Lauren Rosenberg, n/a
Study Coordinator
Coral Springs Parkland Fire Department
Coral Springs, Florida, United States
Disclosure information not submitted.
Remle Crowe, PhD
National Research Scientist
ESO
Austin, Texas, United States
Disclosure information not submitted.
Kenneth Scheppke, MD, FAEMS
State EMS Medical Director
Florida Department of Health
Tallahassee, Florida, United States
Disclosure information not submitted.
Title: Documenting the Timing and Key Factors in Post-Vaccination SARS-CoV2 Humoral Antibody Development
Introduction: The study purpose was to observe the relative timing of humoral (IgM, IgG) antibody (Ab) development following SARS-CoV2 mRNA vaccination and identify associated factors.
Methods: Persons living/working in an assisted living facility (n=77; ages 23-100 yrs) were tested for IgG/IgM just prior to dose 1 of the Pfizer-BioNTech mRNA vaccine (on 01/17/2021) and again on Day 14, 21 (before dose 2), 28 and 42 (n=46 only) -- using point-of-care lateral flow chromatography devices (previously tested/reported in our early research on PCR+/humoral Ab neg persons; Ann Emerg Med 2020;76(4):S83). The assay antigens are a recombinant nucleocapsid protein and spike protein (S1) conjugated with colloid gold. Readings were recorded 15 mins after blood sample droplets were placed into the device.

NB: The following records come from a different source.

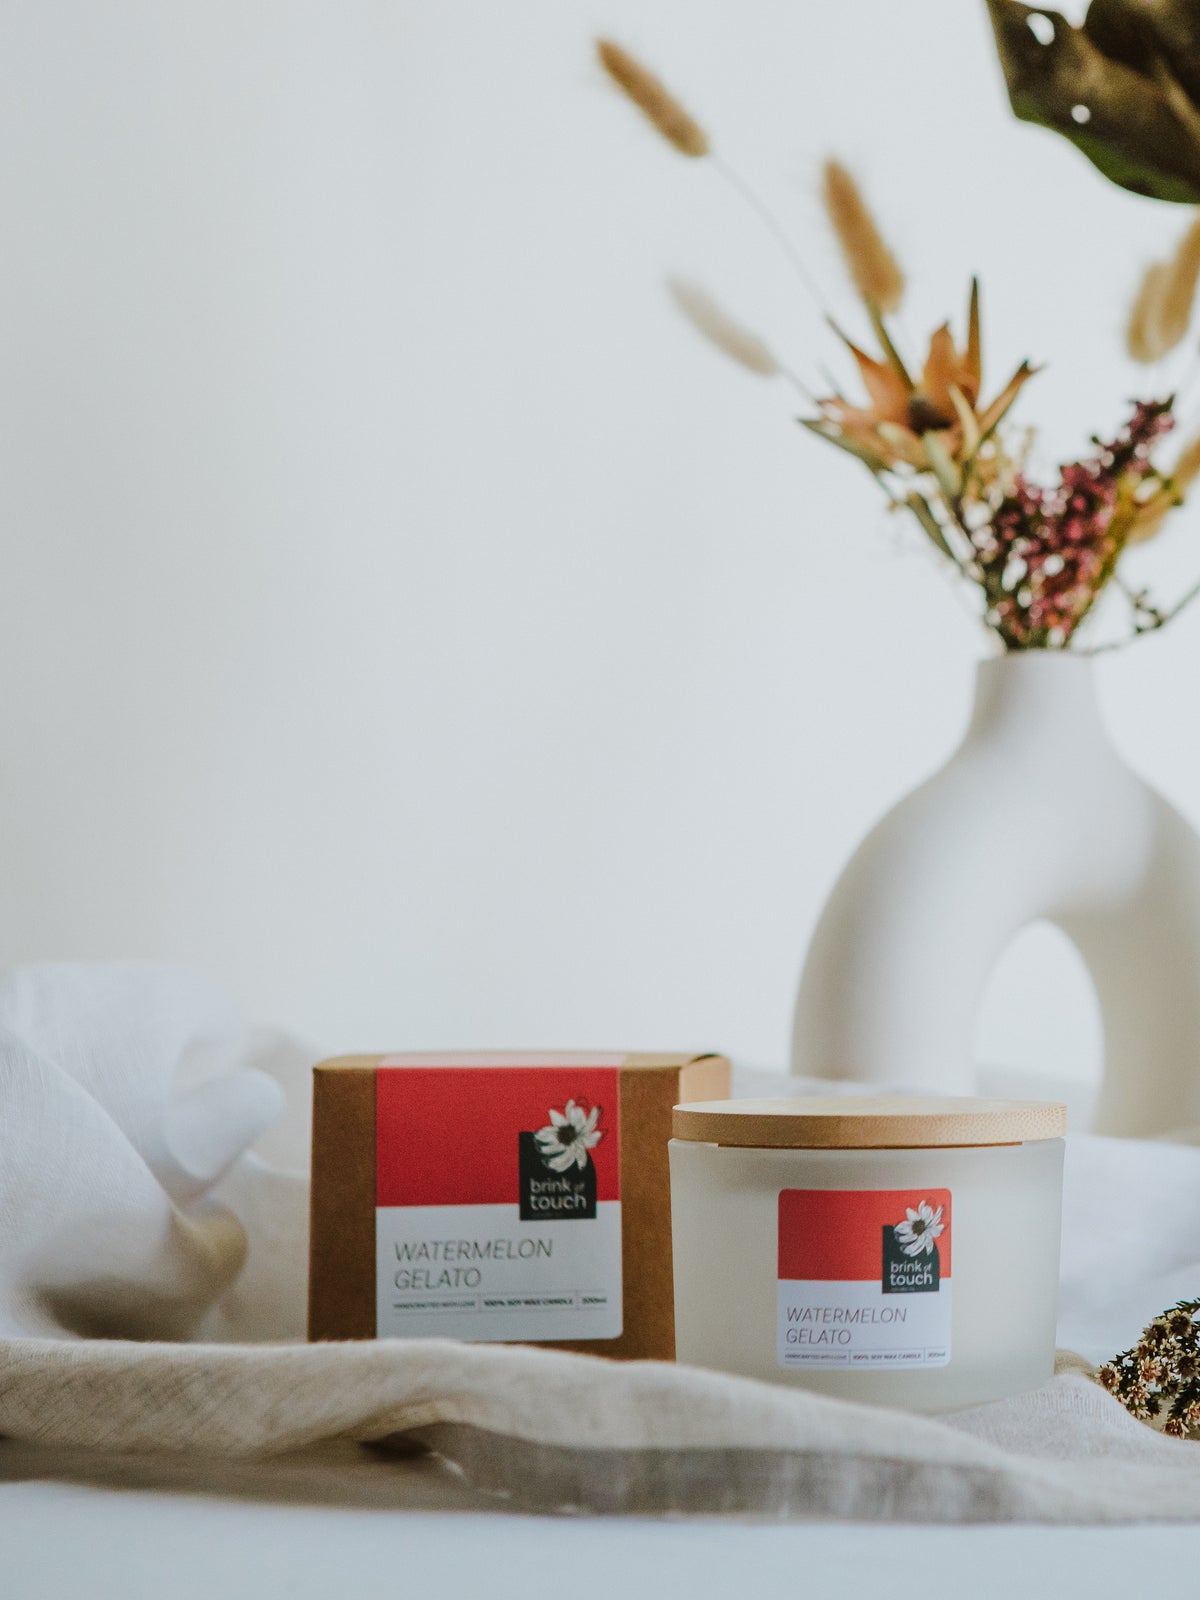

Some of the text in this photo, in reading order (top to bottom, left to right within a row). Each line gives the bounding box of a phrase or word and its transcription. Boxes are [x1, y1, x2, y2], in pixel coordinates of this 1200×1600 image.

[529, 1178, 571, 1194] brink
[529, 1192, 587, 1211] touch
[395, 1239, 553, 1262] WATERMELON
[890, 1260, 921, 1273] brink
[395, 1267, 481, 1290] GELATO
[889, 1271, 933, 1286] touch
[787, 1307, 907, 1324] WATERMELON
[785, 1328, 852, 1345] GELATO

Results: Prior to dose 1, 5 persons had some detectable Ab (only 1 with known prior illness; none PCR+). Paralleling the original Pfizer vaccine trial, by Day 14, 27 (69%) of 39 persons age < 70 yrs already had new Ab production vs. none in 84% of those >70 yrs (n=38). By Day 21, after dose 2, 100% of those < 60 yrs had detectable Ab except for 2 persons with immunomodulating conditions (ImmMod). However, for each successive decade of age, a progressively smaller percent were Ab+ (e.g., >90 yo, 80% tested Ab negative). On Day 7 post dose 2, 100% of those < 80 yrs were Ab+ (except the 2 with ImmMod)) vs. 89% of 18 Ab+ in their 80s and 78% Ab+ in their 90s. By day 42, only 2 persons remained Ab negative (one with ImmMod and the other a 93 yo). Semi-quantitative results also indicated strong Ab responses for 100% of those < 80 yo on Day 42. Also, as previously reported, the study assay had reproducible results and there was persistent (strong) Ab detection in all persons turning Ab+.
Conclusions: Age and immunomodulating conditions/therapies impact the timing and degree of Ab production following mRNA vaccination. Contrasted with our prior Ab studies of native COVID-19 disease in which the 30% of PCR+ not generating IgG/IgM were < 50 yo and had milder disease, vaccinated younger persons uniformly have rapid onset of strong IgG development, even prior to dose 2. While the very elderly and those Immunocompromised may have undetectable IgG after dose 1, almost everyone, regardless of age, develops strong responses within a week after the 2nd dose with additional increments 21 days after dose 2.